__What this task involves__
Every record below should be repeated exactly. Omit the pictures.

Annotated photo localization data

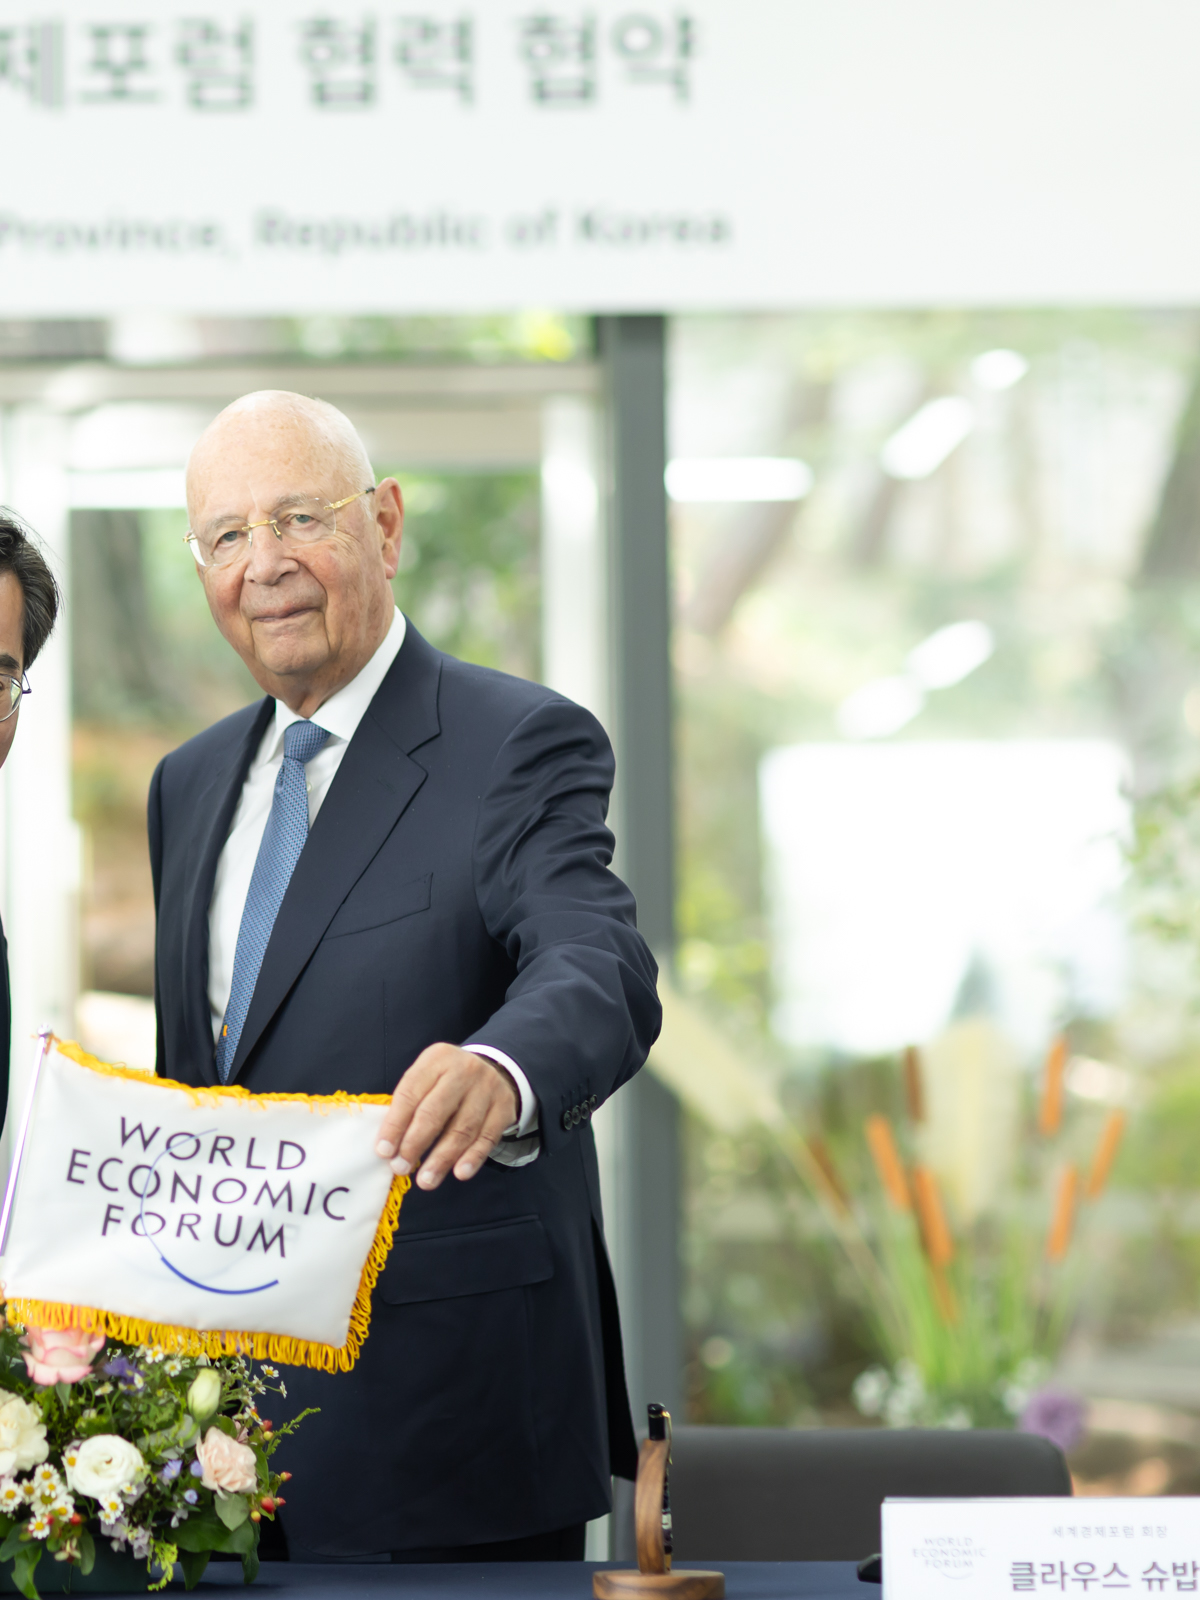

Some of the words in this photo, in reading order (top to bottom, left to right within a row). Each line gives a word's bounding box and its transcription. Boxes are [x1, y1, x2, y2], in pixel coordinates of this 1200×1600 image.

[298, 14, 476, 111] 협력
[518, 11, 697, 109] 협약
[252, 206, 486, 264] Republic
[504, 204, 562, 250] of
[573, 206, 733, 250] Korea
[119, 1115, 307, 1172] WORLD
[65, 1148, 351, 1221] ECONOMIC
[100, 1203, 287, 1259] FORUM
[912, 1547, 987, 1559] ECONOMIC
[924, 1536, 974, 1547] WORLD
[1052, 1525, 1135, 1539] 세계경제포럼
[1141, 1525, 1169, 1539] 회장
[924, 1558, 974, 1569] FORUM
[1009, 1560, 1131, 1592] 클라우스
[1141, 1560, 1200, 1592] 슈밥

__Result__
Some of the words in this photo, in reading order (top to bottom, left to right within a row). Each line gives a word's bounding box and its transcription. Boxes are [x1, y1, x2, y2], in pixel coordinates of this 1200×1600 image.

[298, 14, 476, 111] 협력
[518, 11, 697, 109] 협약
[252, 206, 486, 264] Republic
[504, 204, 562, 250] of
[573, 206, 733, 250] Korea
[119, 1115, 307, 1172] WORLD
[65, 1148, 351, 1221] ECONOMIC
[100, 1203, 287, 1259] FORUM
[912, 1547, 987, 1559] ECONOMIC
[924, 1536, 974, 1547] WORLD
[1052, 1525, 1135, 1539] 세계경제포럼
[1141, 1525, 1169, 1539] 회장
[924, 1558, 974, 1569] FORUM
[1009, 1560, 1131, 1592] 클라우스
[1141, 1560, 1200, 1592] 슈밥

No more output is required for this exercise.